А лирический герой проникается подобным положением дел: «Ах, да неужто ли подобное возможно! / От умиленья я всплакнул и лег ничком» = «Лепоты полон рот, и ругательства трудно сказать». Правда, во втором случае он, как и все остальные зэки, оказался пропитан этой лепотой насильно («.. все уснули в чаду благовонном») и никакой любви к ней не испытывает.

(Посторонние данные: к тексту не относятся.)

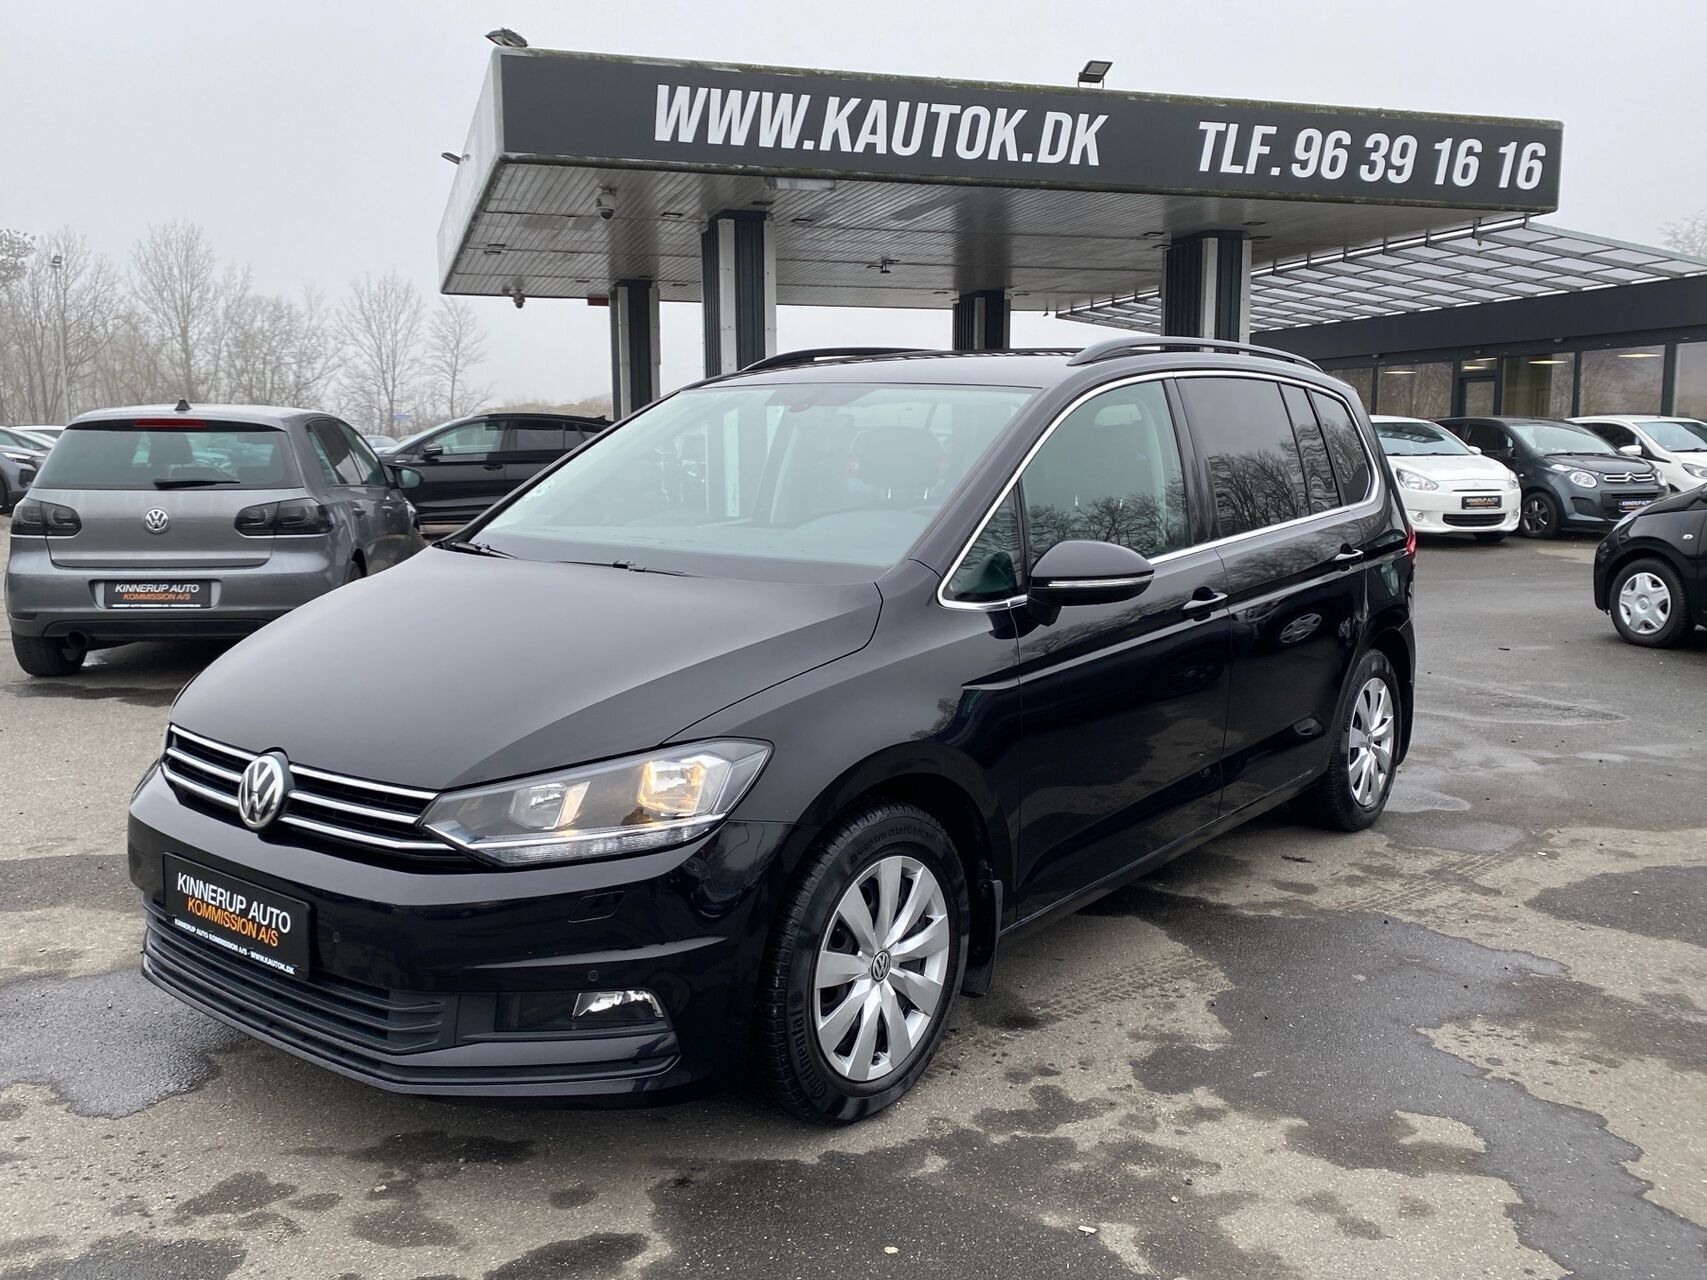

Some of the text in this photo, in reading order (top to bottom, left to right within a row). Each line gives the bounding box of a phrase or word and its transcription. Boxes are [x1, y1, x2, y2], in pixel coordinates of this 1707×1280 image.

В обоих произведениях высмеивается единение с властью: «Друг другу льем — беседа льется — благодать!» /5; 474/ = «И как ринулись все в распрекрасную ту благодать!)^0. С таким же сарказмом описывается сама власть: «И исчез к палачу / Неоправданный страх, / Оказаться хочу / В его нежных руках» (СЗТ-2-468) = «Херувимы кружат, ангел выстрелил в лоб аккуратно» /5; 510/. А мотив нежности представителей власти (знакомый нам, в частности, по «Маршу футбольной команды “Медведей”»: «А впрочем, мы — ребята нежные») присутствует и в «Дне без единой смерти», где «тот свет» также контролируется властью: «И лился с неба нежный свет, / И хоры ангельские пели, — / И люди быстро обнаглели: / Твори, что хочешь, — смерти нет!»